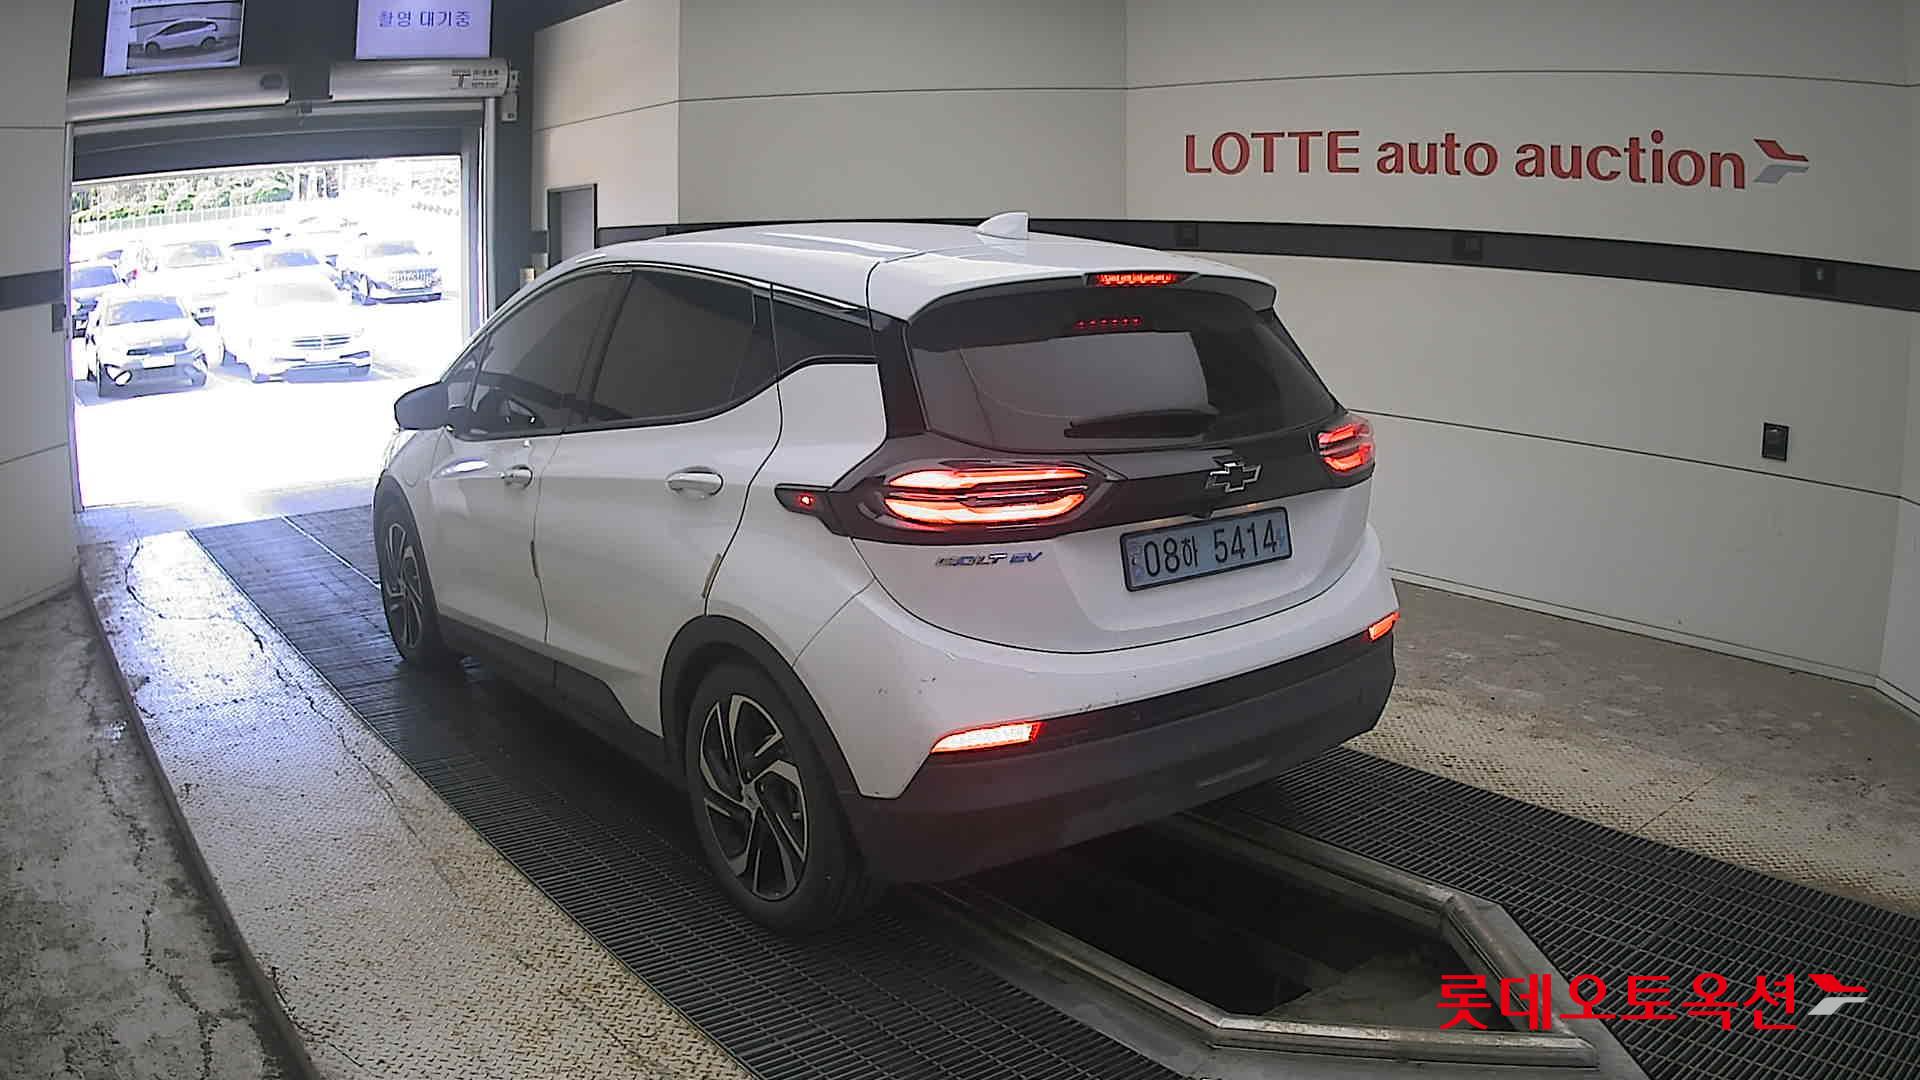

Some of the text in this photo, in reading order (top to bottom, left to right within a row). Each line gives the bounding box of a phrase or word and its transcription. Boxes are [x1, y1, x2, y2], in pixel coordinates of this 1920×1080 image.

[420, 10, 471, 28] 대기중
[1185, 129, 1745, 189] LOTTE auto auction
[1009, 551, 1042, 564] EV
[1143, 519, 1278, 577] 08하 5414

Instructions for the task — Return each entry above unchanged. Leave the pictures out.

Expected answer —
Some of the text in this photo, in reading order (top to bottom, left to right within a row). Each line gives the bounding box of a phrase or word and its transcription. Boxes are [x1, y1, x2, y2], in pixel coordinates of this 1920×1080 image.

[420, 10, 471, 28] 대기중
[1185, 129, 1745, 189] LOTTE auto auction
[1009, 551, 1042, 564] EV
[1143, 519, 1278, 577] 08하 5414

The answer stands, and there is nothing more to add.